BACKGROUND

Accumulating evidence suggests that radiotherapy success has an immune-associated component. The immunogenomic profiles associated with responses to chemoradiotherapy (CRT) were assessed in patients with locally advanced rectal cancer in this study.

METHODS

CD8+ tumour-infiltrating lymphocyte (TIL) and stromal lymphocyte densities were assessed by immunohistochemistry using pretreatment biopsies from patients with advanced rectal cancer who had preoperative CRT. Whole-exome sequencing and gene expression microarray analysis were conducted to investigate the genomic properties associated with the response to CRT and CD8+ TIL density. Response to CRT was determined based on Dworak tumour regression grade (TRG); tumours with complete (TRG 4) or near-complete (TRG 3) regression were grouped as good responders, and those with TRG 1 as non-responders.

RESULTS

Immunohistochemical examinations (275 patients) showed that pre-CRT CD8+ TIL density was associated with better response to CRT and improved recurrence-free survival, whereas pre-CRT stromal CD8+ cell density was not associated with either response to CRT or recurrence-free survival. Whole-exome sequencing (74 patients) showed that the numbers of single-nucleotide variations (SNVs) and neoantigens predicted from SNVs were higher in good responders than in non-responders, and these correlated positively with CD8+ TIL density (r  = 0·315 and r  = 0·334 respectively).

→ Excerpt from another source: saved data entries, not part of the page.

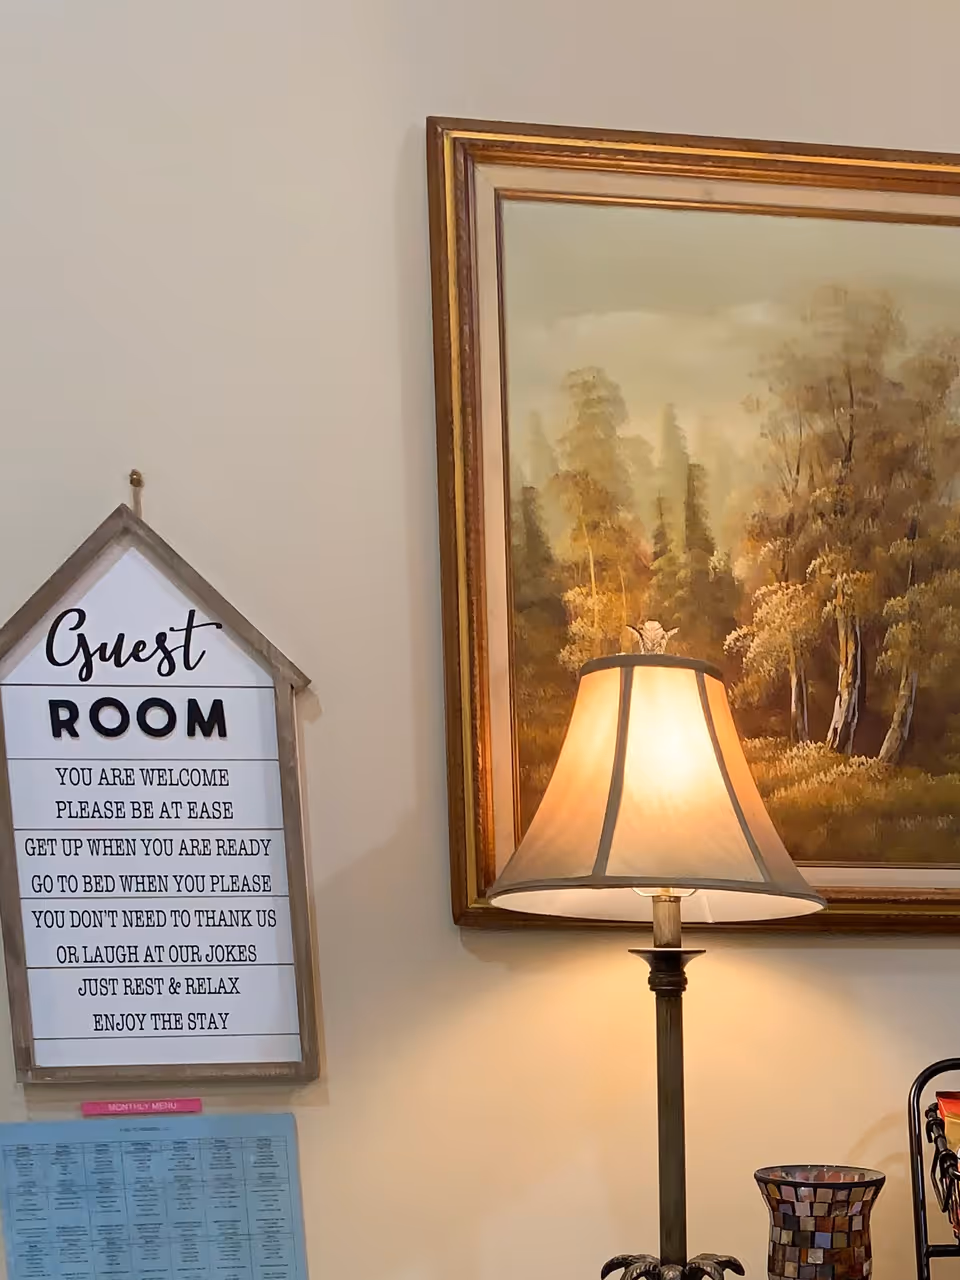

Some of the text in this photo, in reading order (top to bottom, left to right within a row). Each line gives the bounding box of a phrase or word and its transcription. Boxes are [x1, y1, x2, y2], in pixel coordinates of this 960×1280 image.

[45, 608, 222, 682] Guest
[49, 697, 227, 738] ROOM
[55, 768, 229, 786] YOU ARE WELCOME
[56, 801, 233, 819] PLEASE BE AT EASE
[25, 838, 271, 856] GET UP WHEN YOU ARE READY
[32, 875, 271, 893] GO TO BED WHEN YOU PLEASE
[31, 909, 276, 928] YOU DON'T NEED TO THANK US
[57, 945, 256, 963] OR LAUGH AT OUR JOKES
[78, 977, 240, 996] JUST REST & RELAX
[93, 1013, 229, 1031] ENJOY THE STAY
[108, 1101, 177, 1111] MONTHLY MENU
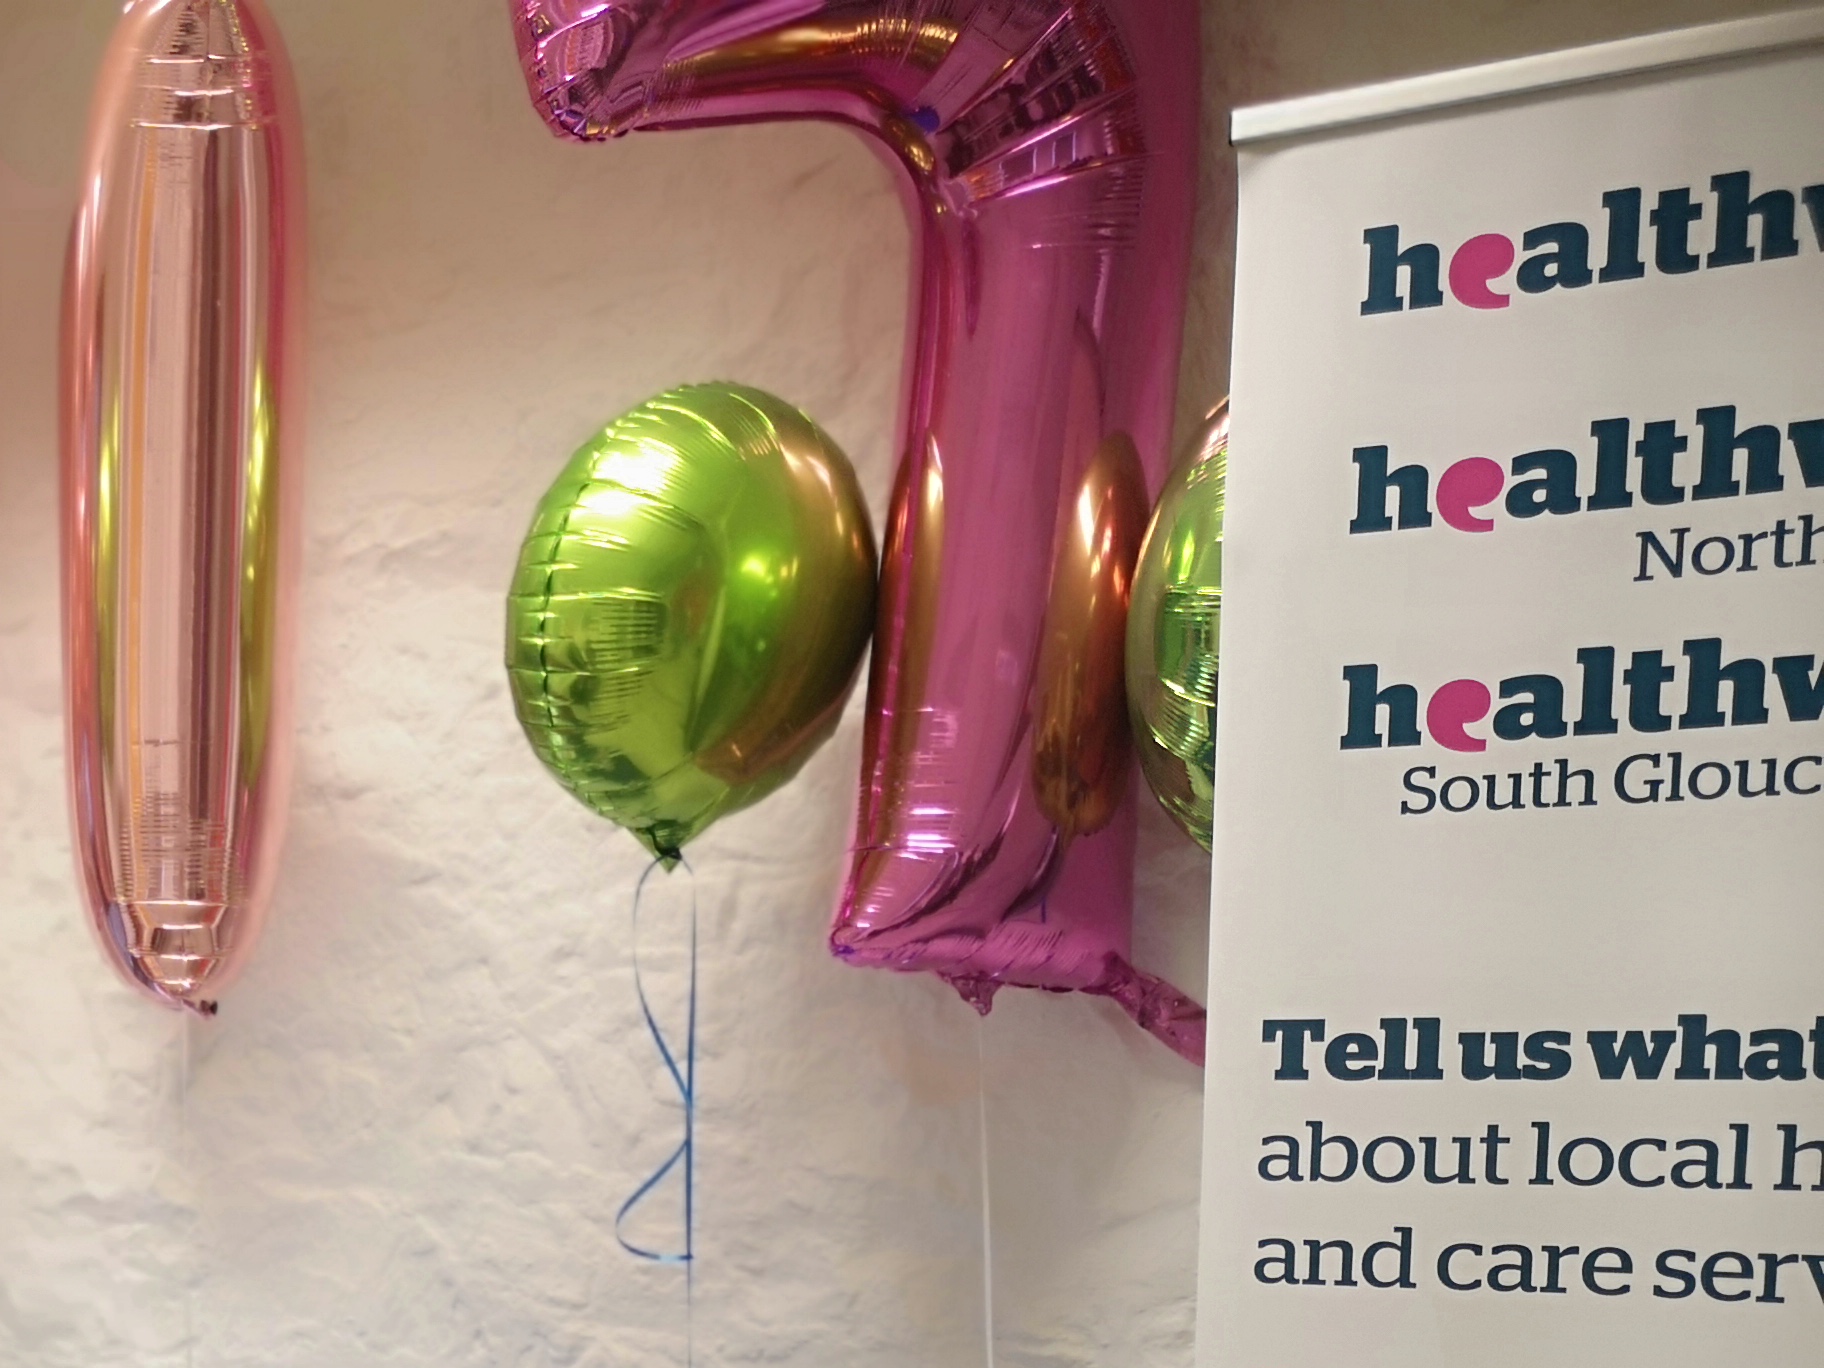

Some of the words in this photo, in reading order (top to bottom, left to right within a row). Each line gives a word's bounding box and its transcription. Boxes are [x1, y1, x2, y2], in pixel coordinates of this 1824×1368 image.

[1360, 170, 1824, 316] health
[1399, 758, 1598, 817] South
[1613, 751, 1824, 804] Glouc
[1262, 1017, 1443, 1081] Tell
[1458, 1031, 1572, 1081] us
[1257, 1120, 1510, 1184] about
[1529, 1121, 1752, 1190] local
[1254, 1226, 1417, 1290] and
[1436, 1242, 1633, 1297] care
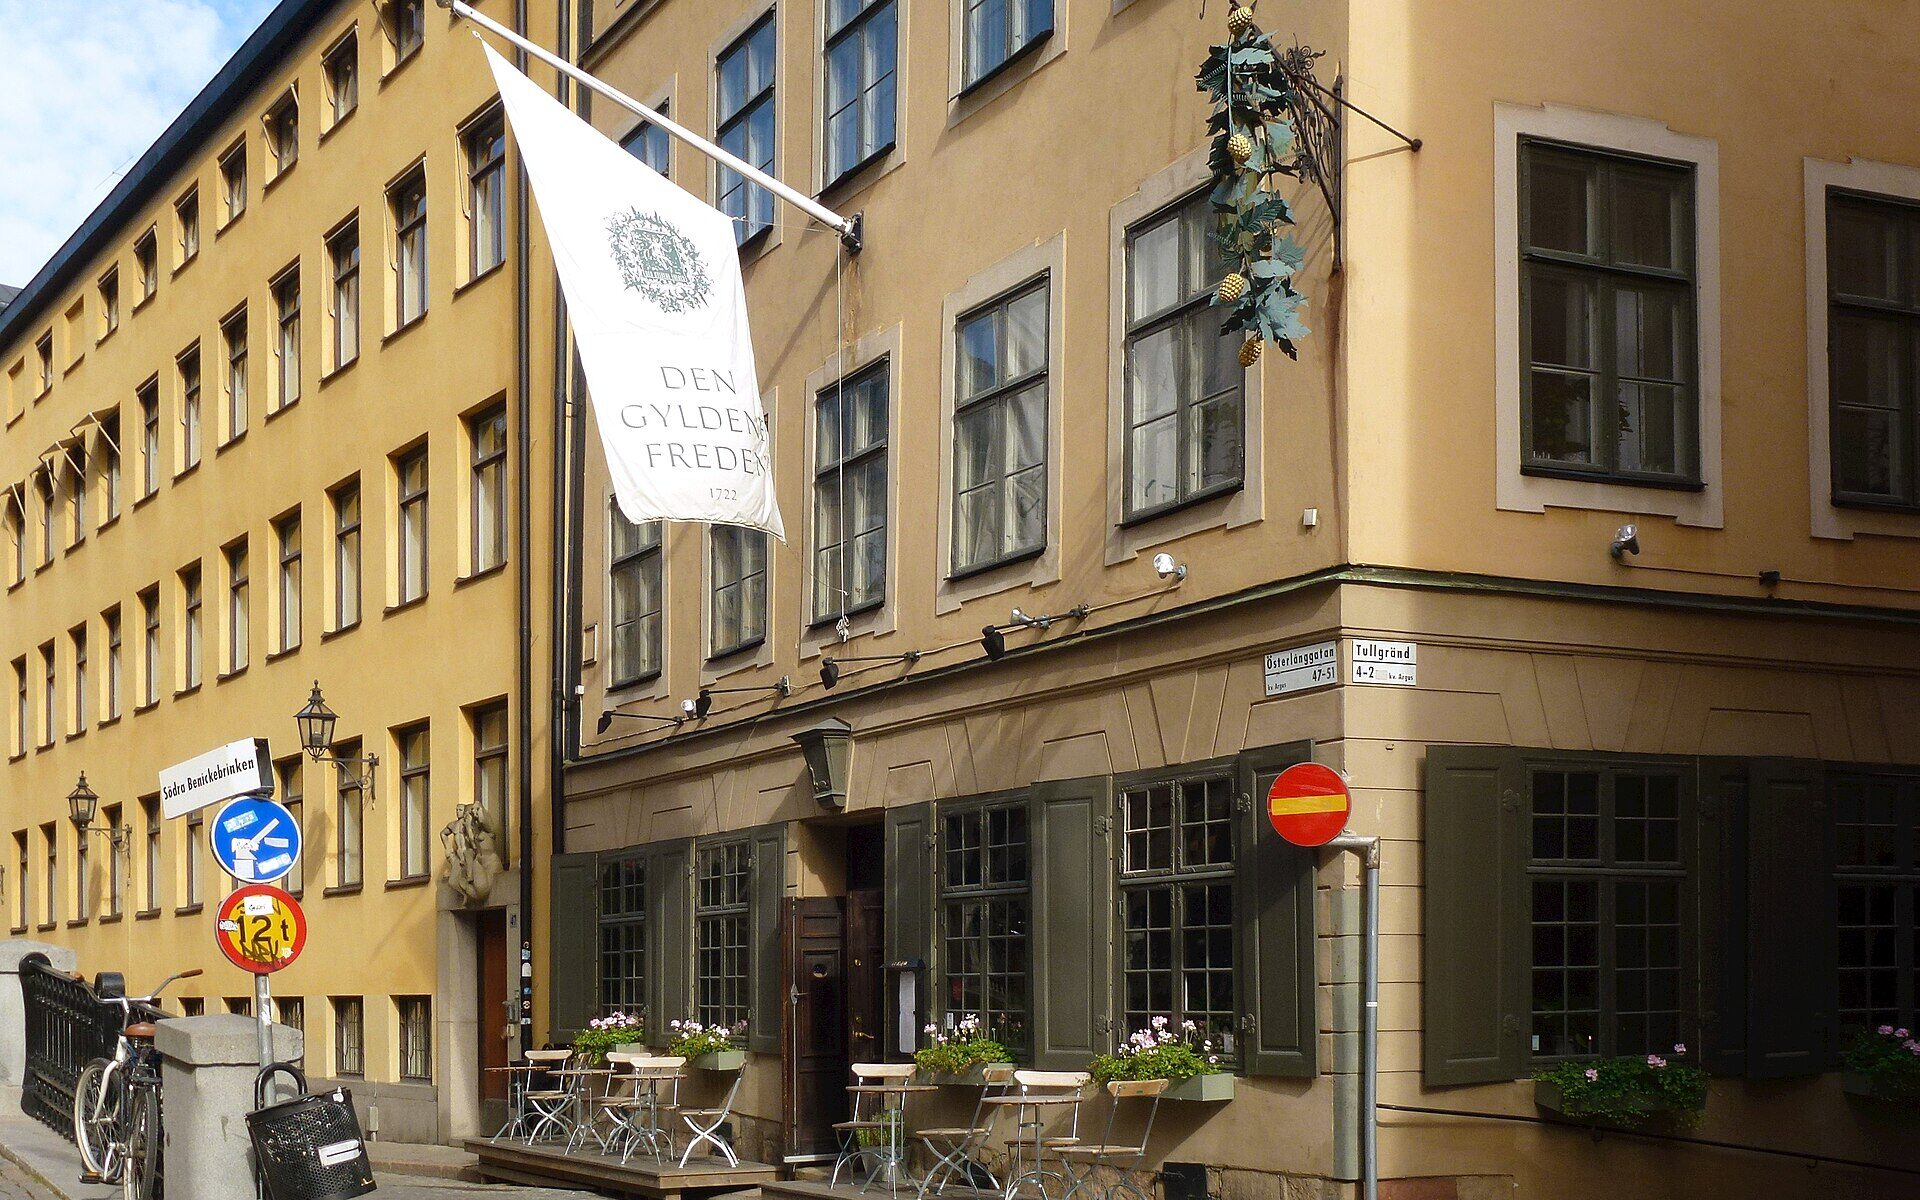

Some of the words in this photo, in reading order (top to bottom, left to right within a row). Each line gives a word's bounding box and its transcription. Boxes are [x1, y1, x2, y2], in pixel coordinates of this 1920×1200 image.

Gene expression microarray (90 patients) showed that CD8A expression correlated positively with the expression of programmed cell death 1 (PDCD1) (r  = 0·264) and lymphocyte-activation gene 3 (LAG3) (r  = 0·507).

CONCLUSION

Pre-CRT neoantigen-specific CD8+ T cell priming may be a key event in CRT responses where immune checkpoint molecules could be useful targets to enhance tumour regression.